Please use this identifier to cite or link to this item: https://dair.nps.edu/handle/123456789/1433
Title: CREATE: Accelerating Defense Innovation With Computational Prototypes and High Performance Computers
Authors: Douglass Post
Keywords: Computational Research and Engineering Acquisition Tools and Environments
CREATE
Defense Innovation
Prototypes
High Performance Computers
Issue Date: 30-Mar-2017
Publisher: Acquisition Research Program
Citation: Published--Unlimited Distribution
Series/Report no.: Software
SYM-AM-17-056
Abstract: Today, rapid innovation in product development is essential to be competitive in any field. It is true for DoD acquisition as well as everyone else. To investigate the potential for computational prototypes and High Performance Computing (HPC) to enable product innovation in DoD acquisition programs, the U.S. Department of Defense HPC Modernization Program (DoD HPCMP) Office initiated the Computational Research and Engineering Acquisition Tools and Environments (CREATE) Program in 2006 (Post et al., 2016).

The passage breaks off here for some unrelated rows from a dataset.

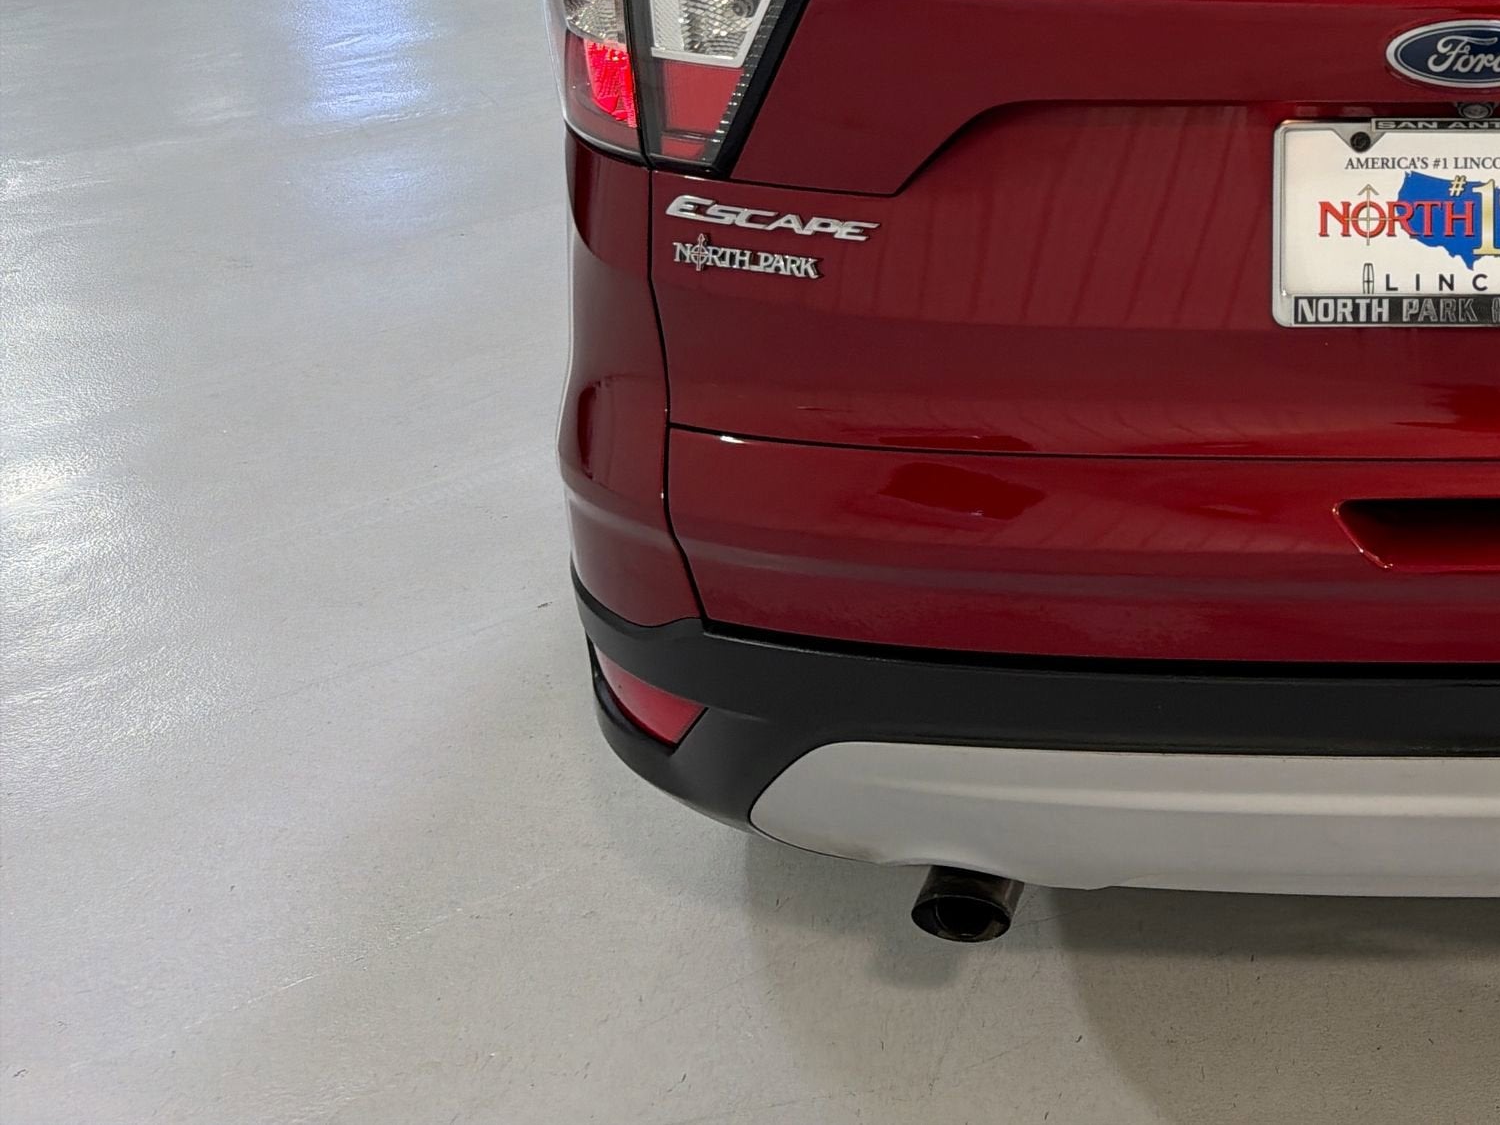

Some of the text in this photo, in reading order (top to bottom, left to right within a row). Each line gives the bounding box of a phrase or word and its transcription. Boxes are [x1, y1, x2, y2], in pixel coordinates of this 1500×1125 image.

[1377, 121, 1439, 129] SAN
[1345, 156, 1429, 170] AMERICA'S
[1433, 157, 1448, 170] #1
[665, 194, 880, 241] ESCAPE
[1318, 200, 1475, 238] NORTH
[673, 241, 820, 279] NORTH PARK
[1298, 297, 1390, 323] NORTH
[1401, 297, 1479, 323] PARK

The CREATE goal is to develop and deploy physics-based HPC software applications for the design and analysis of military air craft, ships, and radio frequency antenna systems (and more recently ground vehicles) to enable DoD acquisition programs to improve acquisition outcomes through the construction and analysis of virtual prototypes for those systems. Development of the software applications began in 2008. Ten years later, the CREATE software tools are already beginning to enable DoD engineering organizations (government and industry) to accelerate the rate of innovation in major defense systems, and reduce the cost, time, and risks of acquisition programs for those systems. One aspect of this paradigm is that it enables the DoD to employ features of the Silicon Valley culture that facilitate rapid product innovation.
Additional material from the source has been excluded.